Here is the point I would like to make in this post (I think): for a healthy democracy to work well in practice, a sense of individualism needs to exist. Not only does this individualism need to exist, but one must be able to act upon his or her individualism. In other words, I can express my own individualism and act upon my own interests without being intimidated, threatened or killed.

Malcolm Gladwell’s recent article on the New Yorker’s website (http://www.newyorker.com/reporting/2009/08/10/090810fa_fact_gladwell) highlights the lack of individualism in Alabama during the 1950s:

The Alabama of Folsom—and Lee—was marked by a profound localism. Political scientists call it the “friends and neighbors” effect. “Alabama voters rarely identified with candidates on the basis of issues,” George Sims writes in his biography of Folsom, “The Little Man’s Best Friend.” “Instead, they tended to give greatest support to the candidate whose home was nearest their own.” Alabama was made up of “island communities,” each dominated by a small clique of power brokers, known as a “courthouse ring.” There were no Republicans to speak of in the Alabama of that era, only Democrats. Politics was not ideological. It was personal.
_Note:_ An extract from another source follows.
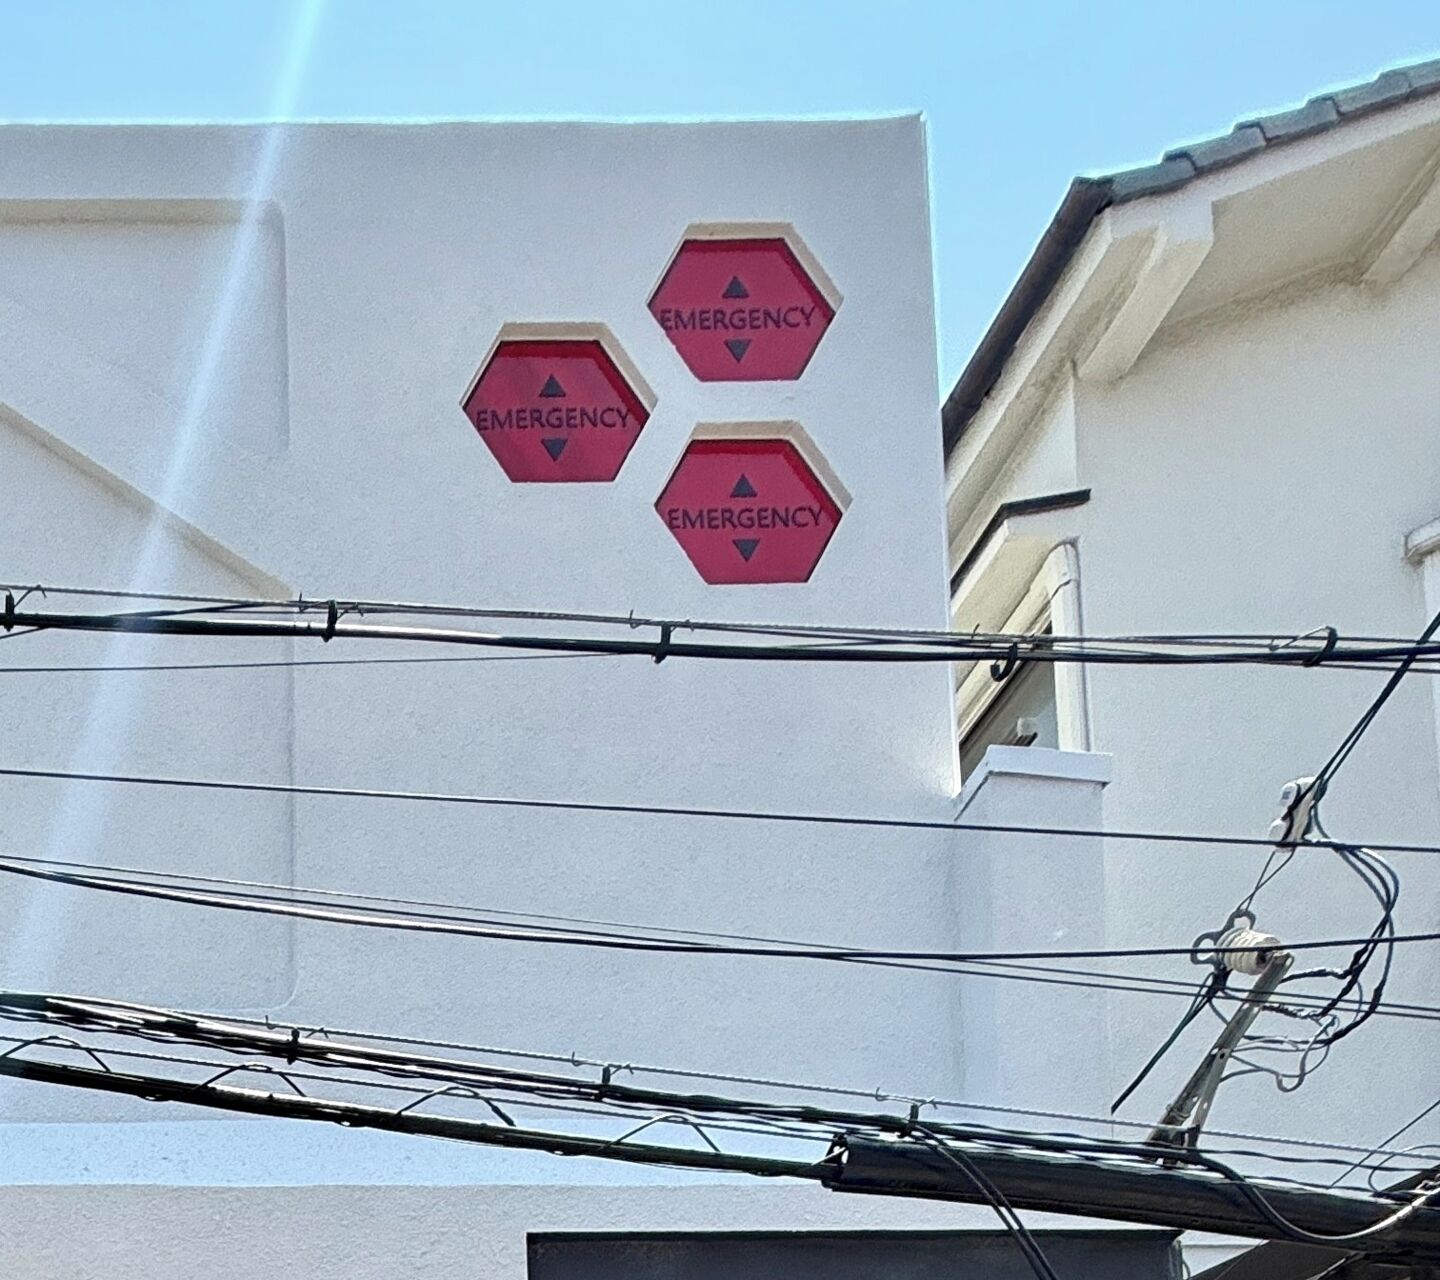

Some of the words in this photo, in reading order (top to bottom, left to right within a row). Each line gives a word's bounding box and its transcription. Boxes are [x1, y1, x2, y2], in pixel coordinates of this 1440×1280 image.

The idea that primary loyalties were confounding the ability of the individual to vote independently is also apparent in Olivier Roy’s article  “Development and Political Legitimacy: The Cases of Iraq and Afghanistan” (Conflict, Security & Development, 4:2 August 2004) where he describes the “Afghan identity”:

This Afghan identity is based on a common political culture, which could be summarised as follows. ‘Real’ political life is played out at the local level and primary loyalty lies with a ‘solidarity group’, whatever its sociological basis. This function can be fulfilled by any community, clan, tribe or village composed of an extended network of people who tend to consider themselves as protected by this group affiliation and able to build on it for whatever purpose (business relations, political constituency, patronage and clientelism, and also, during the war-armed resistance (p. 173).

I think what is highlighted in both quotes, is the idea that identities play a strong role in politics. Now, if we accept the idea that some cultures are more prone to individualism and other cultures are more prone to collectivism (corporate cultures in different countries have been widely known to exhibit these differences), ultimately, for a strong democracy to work, there must be a strong sense of individualism. If this individualism is lacking, then does it follow that for democratic state-building operations to succeed in a collective culture, a culture change must occur?
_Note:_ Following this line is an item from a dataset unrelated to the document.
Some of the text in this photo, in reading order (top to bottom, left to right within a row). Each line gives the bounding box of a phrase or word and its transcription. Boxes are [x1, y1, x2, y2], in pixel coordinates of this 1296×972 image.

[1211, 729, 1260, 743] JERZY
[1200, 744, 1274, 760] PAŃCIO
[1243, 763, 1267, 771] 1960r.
But, what about political parties? Are they not a form of allegiance towards a “solidarity group” that individuals can participate through? I think the difference, is that maybe one form of solidarity group (e.g. primary loyalties to a clan) has less individualism than a political party in a democracy. I would argue that the big difference between political parties and “local level identity politics” is that I can shred up my Socialist Medicine United Party of Canada membership without facing any coercive actions against myself and my interests. However, if I were part of a community that would ostracize me if I were to vote according to my individualistic interests, the consequences would be much higher.
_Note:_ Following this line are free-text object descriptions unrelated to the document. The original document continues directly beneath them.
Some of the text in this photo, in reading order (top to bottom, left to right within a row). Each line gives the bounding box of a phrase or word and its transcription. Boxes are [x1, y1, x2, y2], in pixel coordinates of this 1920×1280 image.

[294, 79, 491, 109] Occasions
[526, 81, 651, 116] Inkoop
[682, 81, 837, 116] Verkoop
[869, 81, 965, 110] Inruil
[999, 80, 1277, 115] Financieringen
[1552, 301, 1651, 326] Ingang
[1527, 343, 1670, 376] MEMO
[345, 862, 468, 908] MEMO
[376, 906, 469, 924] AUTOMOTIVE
Simply put, politcal parties (in theory) should be easy enough to walk away from without experiencing coercive acts.

I’ll revise my last statement that not only democratic state-building must seek to change a given culture, but, it must also eliminate groups (CNAs and CCNAs) that may coerce individuals. I believe these groups are usually prosecuted according to the law and/or constitution of a given state.

I think this follows…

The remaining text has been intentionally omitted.